Read more from Ready to Roll:

Copyright 2014 Council for Advancement and Support of Education. All rights reserved. Used by permission.

Ready to Roll: Centralize wherever you can.

It’s 2014. Is your communications and marketing team prepared to succeed? I address this question in part two of Ready to Roll, a piece I wrote for CASE CURRENTS. In case you missed it, part one also appeared on my blog.

Centralize wherever you can
I understand that alumni relations is different from sports information, which is different from development communications or enrollment marketing. Still, we all know that silos on campuses make it difficult to implement an integrated approach to communications and marketing. Frequently, even our central communications teams have the magazine staff members working in one place and the web team somewhere else. Organizing the people responsible for communications and marketing into a single, cross-functional, multidisciplinary team encourages holistic work and a consistent focus on institutional goals.

Ideally, you want a centralized communications and marketing team that blends capabilities across mediums and disciplines. More specifically, you should ignore the artificial boundaries between print, web, and social media. By placing content at the root of everything you do, the perceived barriers between communications channels will disappear. Then, designers will design for print, web, and social media. Writers will do the same, creating content for everything from print publications and websites to video scripts, tweets, and Facebook posts. Technologists will understand web architecture, content management, and how to integrate content from multiple web-based tools and systems.
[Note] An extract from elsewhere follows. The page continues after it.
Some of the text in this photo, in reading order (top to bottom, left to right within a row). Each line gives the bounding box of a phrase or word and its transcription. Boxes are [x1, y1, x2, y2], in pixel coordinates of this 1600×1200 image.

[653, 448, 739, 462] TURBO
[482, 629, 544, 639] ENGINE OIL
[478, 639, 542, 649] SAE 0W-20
During my time at William & Mary, we established a creative services unit by combining the skills and talents of the web team and the publications office. Bringing these two units together broke down the silos that separated our work and helped us approach projects in a more effective, centralized manner. This approach made sense for our projects as well as employees’ professional development. For example, graphic designers who had previously done only print work began participating in web design projects. Experienced web designers mentored them throughout, which helped the print designers gain skills in this area.

I’ve seen and experienced the institutional barriers and political challenges that can hinder this kind of holistic thinking. I still observe it on campuses in my consulting work. But we should use the current crisis around shrinking budgets, fiscal accountability, and growing expectations to gain support for centralized multidisciplinary teams. Often, such teams can save money by replacing more costly outsourcing efforts and add value by bringing on staff members who understand and are more invested in the institution’s brand. They also can reduce the duplication of effort that occurs when people work separately toward similar communication goals. The work of a multidisciplinary team is generally better—both organizationally and in terms of the final product—because members have the advantage of close and consistent communication between creative, editorial, and technology specialists.
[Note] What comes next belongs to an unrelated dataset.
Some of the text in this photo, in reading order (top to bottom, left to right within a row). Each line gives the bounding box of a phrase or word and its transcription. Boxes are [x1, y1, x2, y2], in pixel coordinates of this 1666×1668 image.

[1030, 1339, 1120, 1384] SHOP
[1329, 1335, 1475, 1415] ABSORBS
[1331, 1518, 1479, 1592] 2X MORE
Collaborative projects often contribute to people’s professional development. When individuals from different disciplines rally around the work, the experience of acting as a team encourages people to learn from their colleagues.
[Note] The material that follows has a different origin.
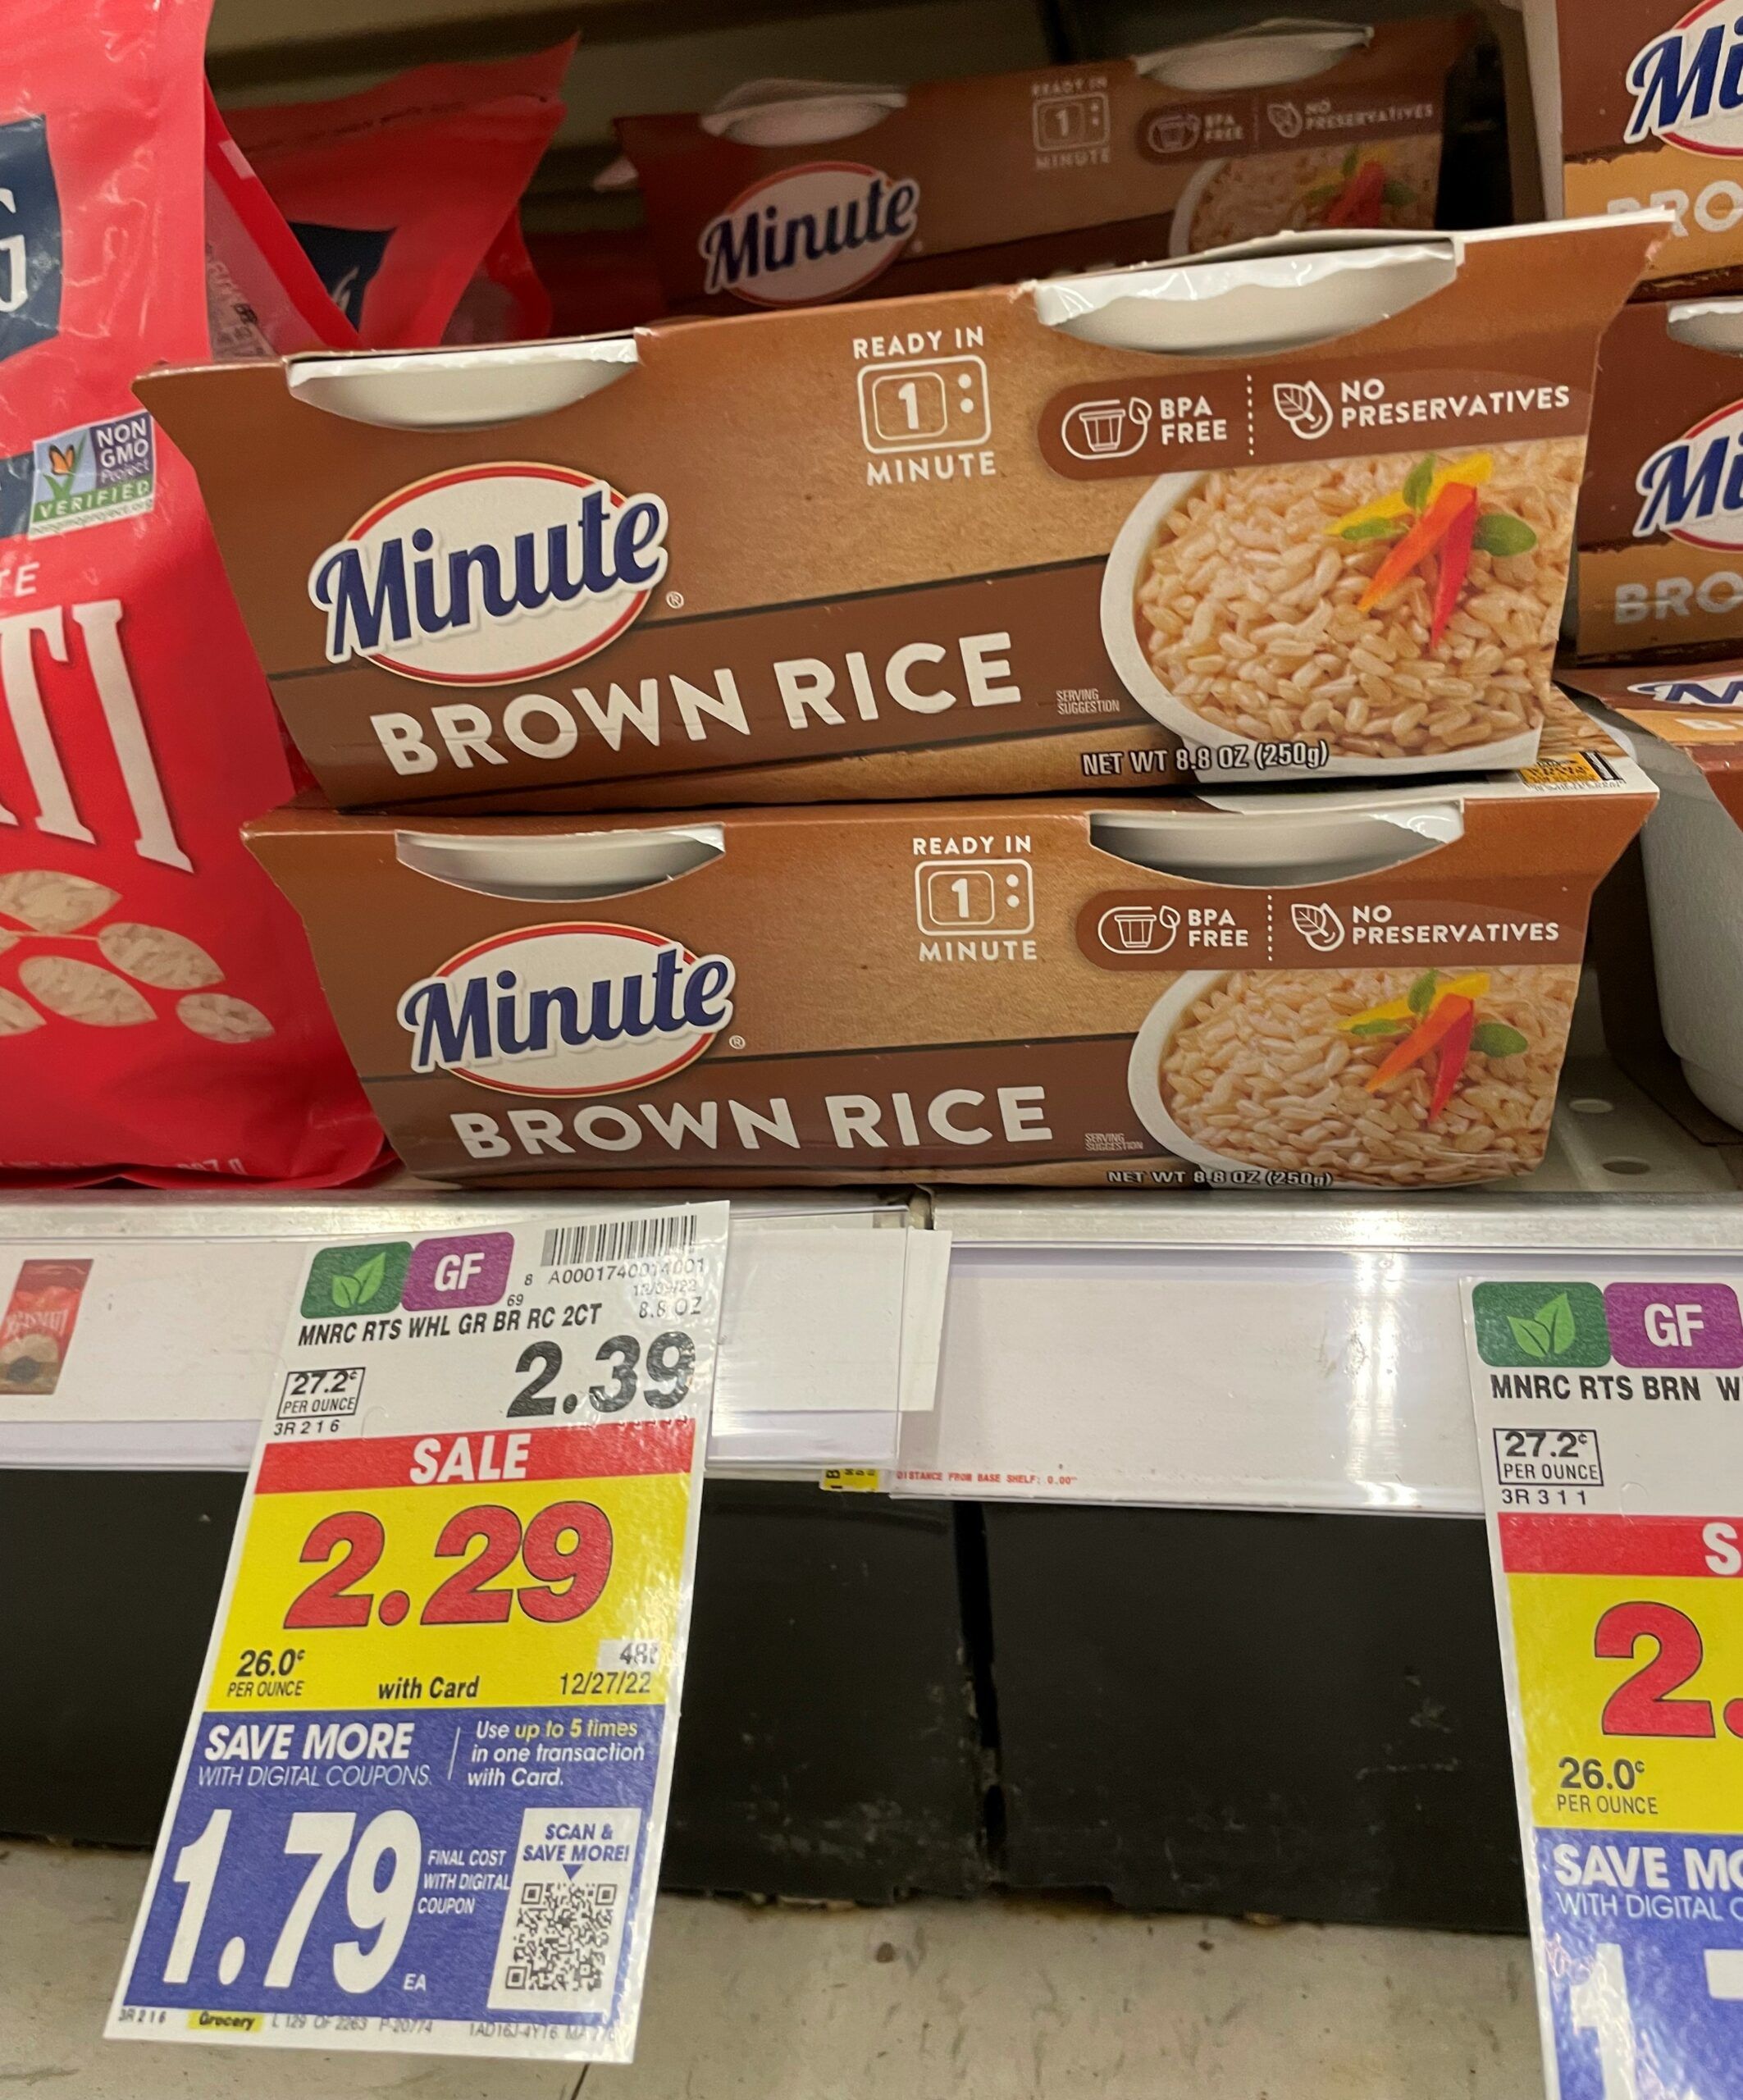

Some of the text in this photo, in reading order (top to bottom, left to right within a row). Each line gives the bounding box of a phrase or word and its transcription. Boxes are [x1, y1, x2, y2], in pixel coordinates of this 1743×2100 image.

Next Monday, January 27, 2014, I’ll publish more from Ready to Roll. (Read part one.)

Copyright 2014 Council for Advancement and Support of Education. All rights reserved. Used by permission.

Are you ready to roll in 2014?

Last fall, I had a fascinating conversation with Theresa Walker, senior editor for CURRENTS magazine at CASE. The conversation led to an article entitled, Ready to Roll. Over the next couple of weeks, with the permission of CASE, I’ll publish the piece I wrote for CURRENTS here on my blog.

Today’s higher education communications and marketing landscape is in a constant state of change. Tools, priorities, and expectations shift rapidly. Institutions face challenging public perceptions and questions about the value of a college degree while also encountering disruption within the field of higher education itself. Audiences expect increased accountability and engagement on their terms. Social media and digital communications have altered how, when, and where conversation occurs.

This demanding and ever changing environment has led communications and marketing leaders to a new reliance on specialists. There’s pressure to add content strategists, information architects, user experience designers, brand managers, search engine optimization analysts, and social media coordinators to their teams. Having any one of them would be beneficial, but a campus’s budgetary realities and staffing limits often require communications and marketing leaders to make hard choices about what to do without.

Most of you likely lack the staff to adequately address the growing number of specializations in these areas, but you still are still responsible for producing and carrying out an effective communications and marketing strategy. So how can you be certain that your team’s skills are up to the challenge (and will continue to be five years from now)? What should a communications and marketing team look like in 2014? And what changes can you implement to help your team work more effectively?

Hallmarks of effective teams
As a higher education consultant and someone who spent two decades working for Virginia’s College of William & Mary, including as the former director of creative services, I’ve led and worked on a variety of teams. I understand that institutional goals, resources, and priorities all influence the composition of communications and marketing teams, but I believe those that are most effective ones share the following characteristics.

Leaders who takes risks. The best leaders understand the importance of taking calculated risks. They’re willing to think differently and pursue an unusual course, but they back up their decisions with data. Some risks are minor, such as replacing a 30-page print piece with a beautifully designed postcard to drive prospective students to a website. Others take more courage, like running a social media campaign to increase admissions yield during a time of declining enrollment.

Despite the mainstream acceptance of social media, many campus leaders remain skittish about using a less-controllable channel for official communication. With social media, the tools used to deliver messages become part of the message. Feedback and judgment are immediate, public, and potentially far-reaching. When I led the communications effort for William & Mary’s search for a new mascot in 2009-10, we used social media to engage and be transparent with our audiences. We established trust with audiences early on, which encouraged and increased participation. Risk is inherent in contemporary communications strategy; success will not happen without it.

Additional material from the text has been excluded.